------ Listed records ------
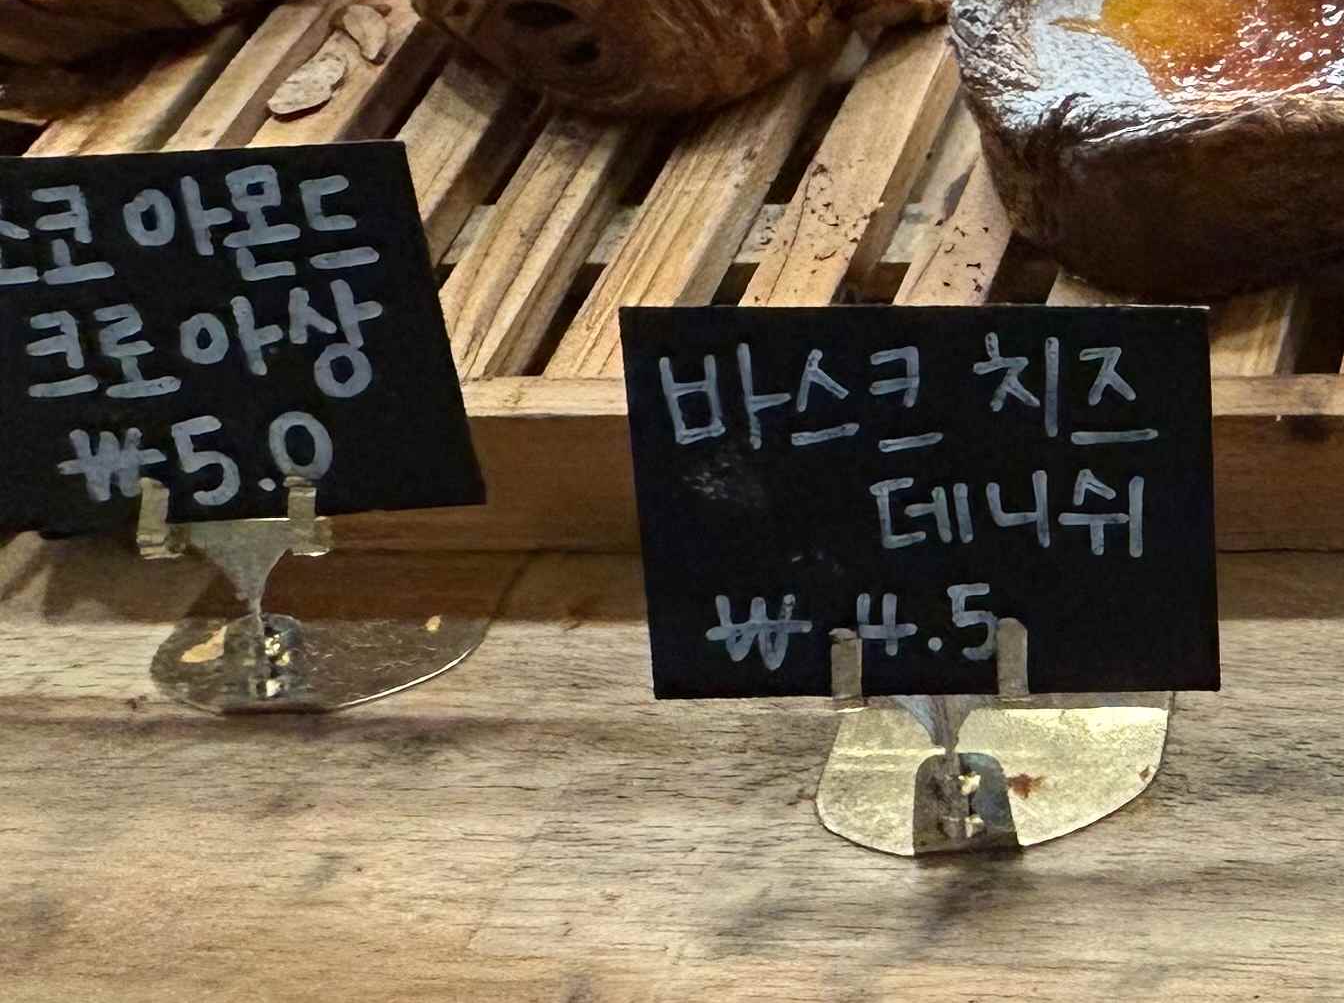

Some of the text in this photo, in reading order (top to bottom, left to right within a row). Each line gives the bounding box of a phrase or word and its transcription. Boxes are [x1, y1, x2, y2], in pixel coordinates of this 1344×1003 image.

[26, 279, 383, 398] 크로아상
[659, 332, 1159, 452] 바스크 치즈
[869, 469, 1144, 558] 데니쉬
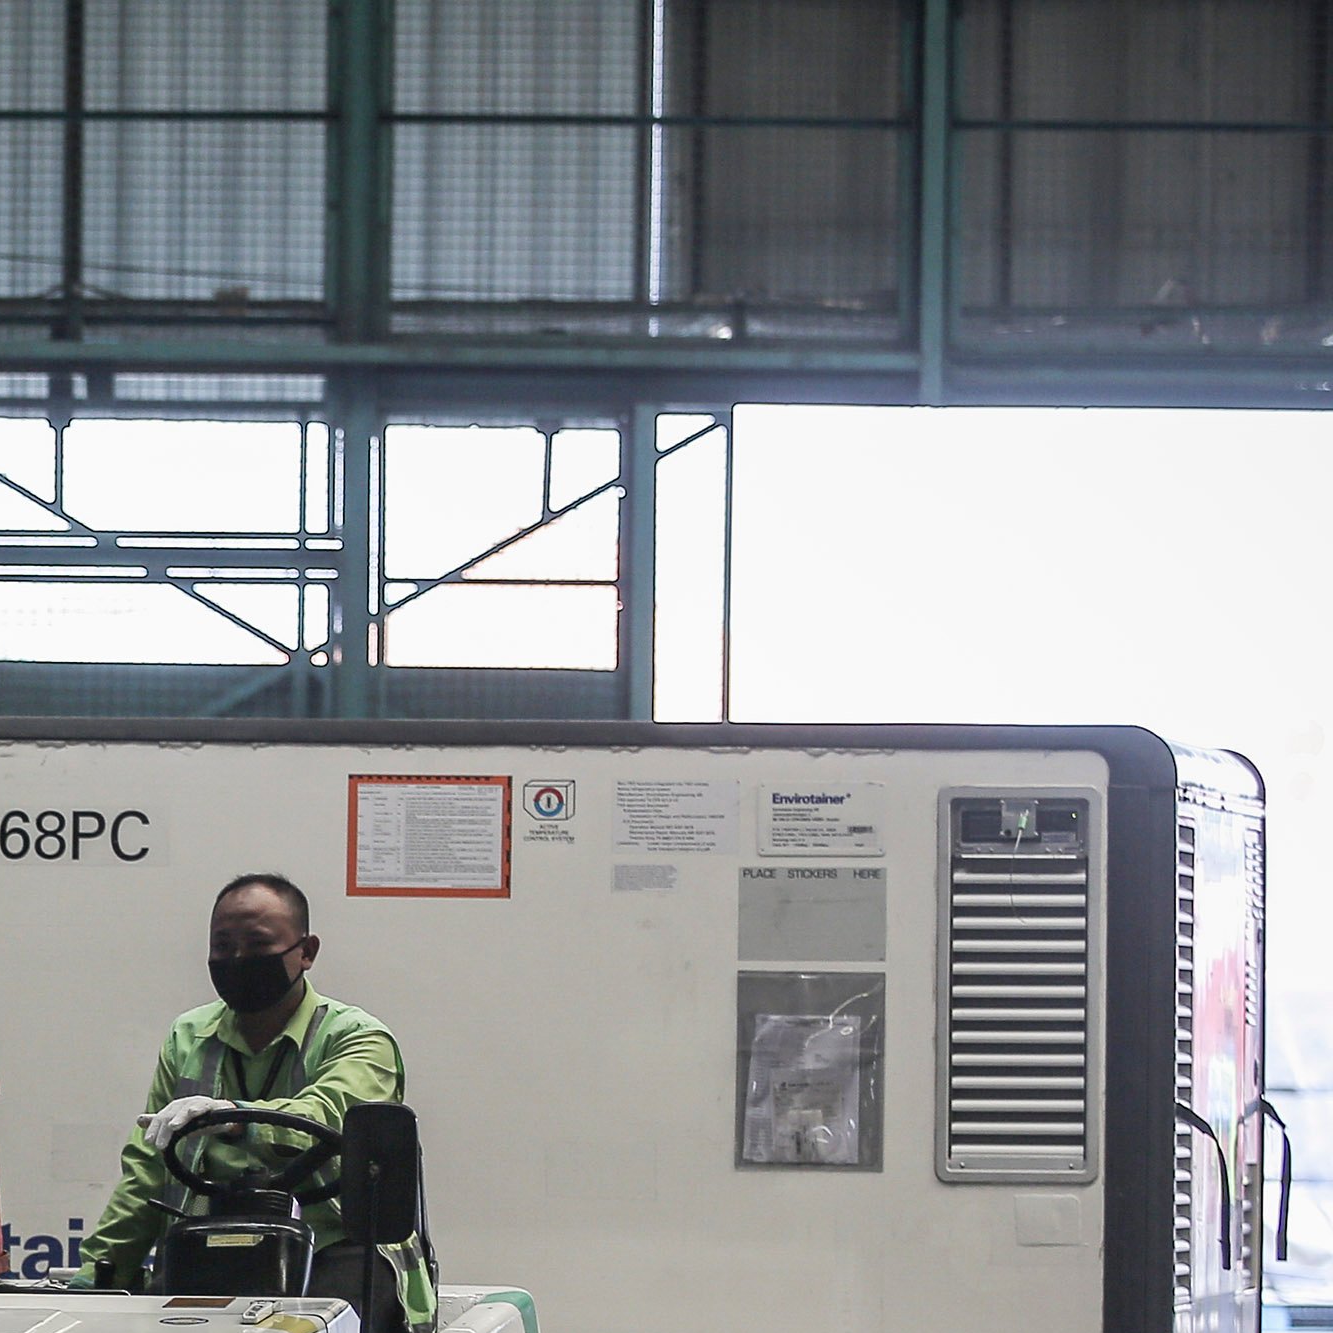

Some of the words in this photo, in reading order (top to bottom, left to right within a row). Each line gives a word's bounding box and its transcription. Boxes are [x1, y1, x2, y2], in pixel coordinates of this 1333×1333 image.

[743, 868, 776, 879] PLACE
[787, 868, 838, 879] STICKERS
[853, 869, 881, 879] HERE
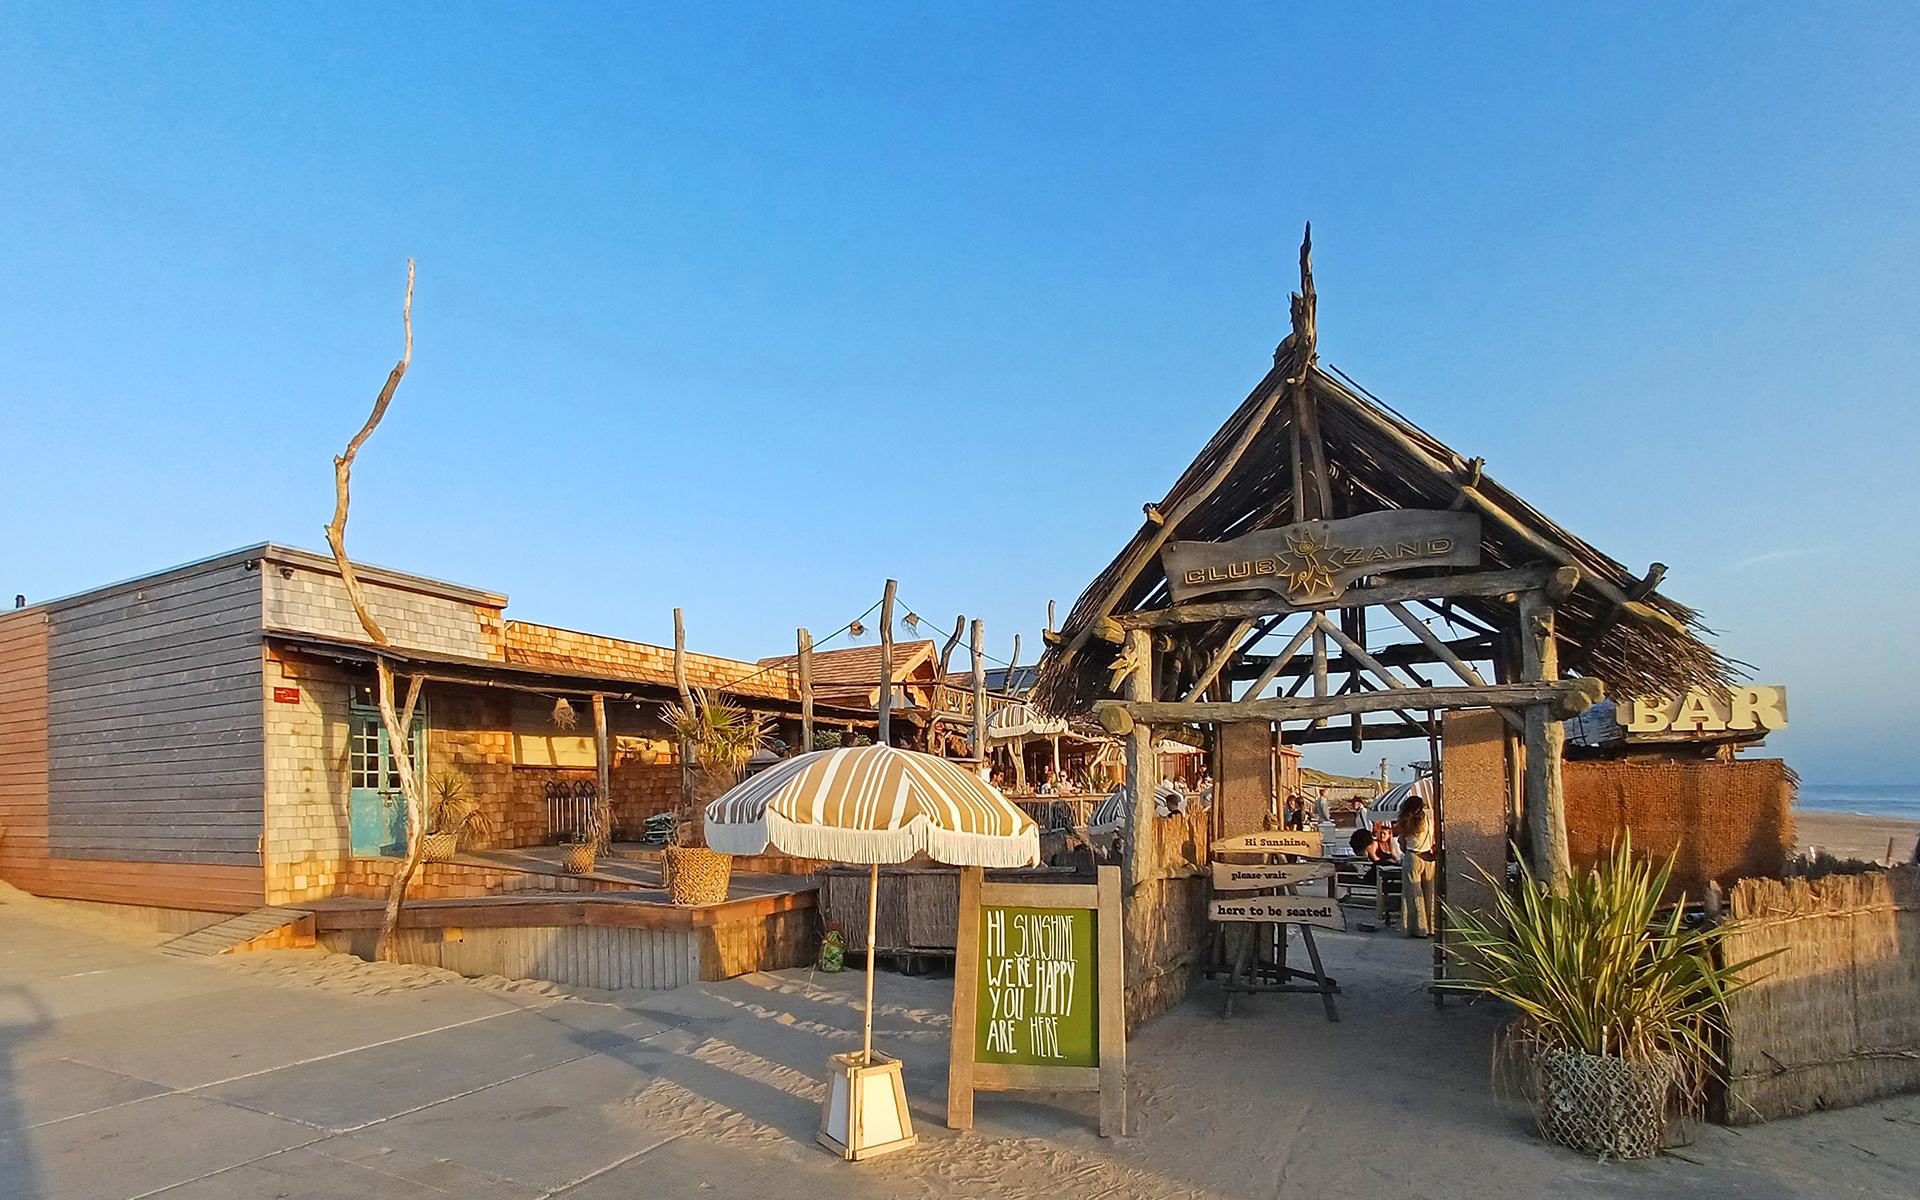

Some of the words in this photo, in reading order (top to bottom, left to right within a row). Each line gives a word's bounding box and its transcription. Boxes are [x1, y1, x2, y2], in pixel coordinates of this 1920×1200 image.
------
What you will do: Copy out the full material exactly. Pictures should not appear in it.

Solution to this problem:
Some of the text in this photo, in reading order (top to bottom, left to right within a row). Each line gives the bounding box of a phrase or word and its transcription. Boxes are [x1, y1, x2, y2], in pixel coordinates of this 1344×1003 image.

[26, 279, 383, 398] 크로아상
[659, 332, 1159, 452] 바스크 치즈
[869, 469, 1144, 558] 데니쉬

Some of the words in this photo, in reading order (top to bottom, left to right within a row). Each line gives a word's bounding box and its transcription. Boxes are [x1, y1, x2, y2], in pixel coordinates of this 1333×1333 image.

[743, 868, 776, 879] PLACE
[787, 868, 838, 879] STICKERS
[853, 869, 881, 879] HERE

Some of the words in this photo, in reading order (top to bottom, left to right within a row). Each line gives a word's bounding box and its transcription. Boxes are [x1, y1, x2, y2], in pixel coordinates of this 1920×1200 image.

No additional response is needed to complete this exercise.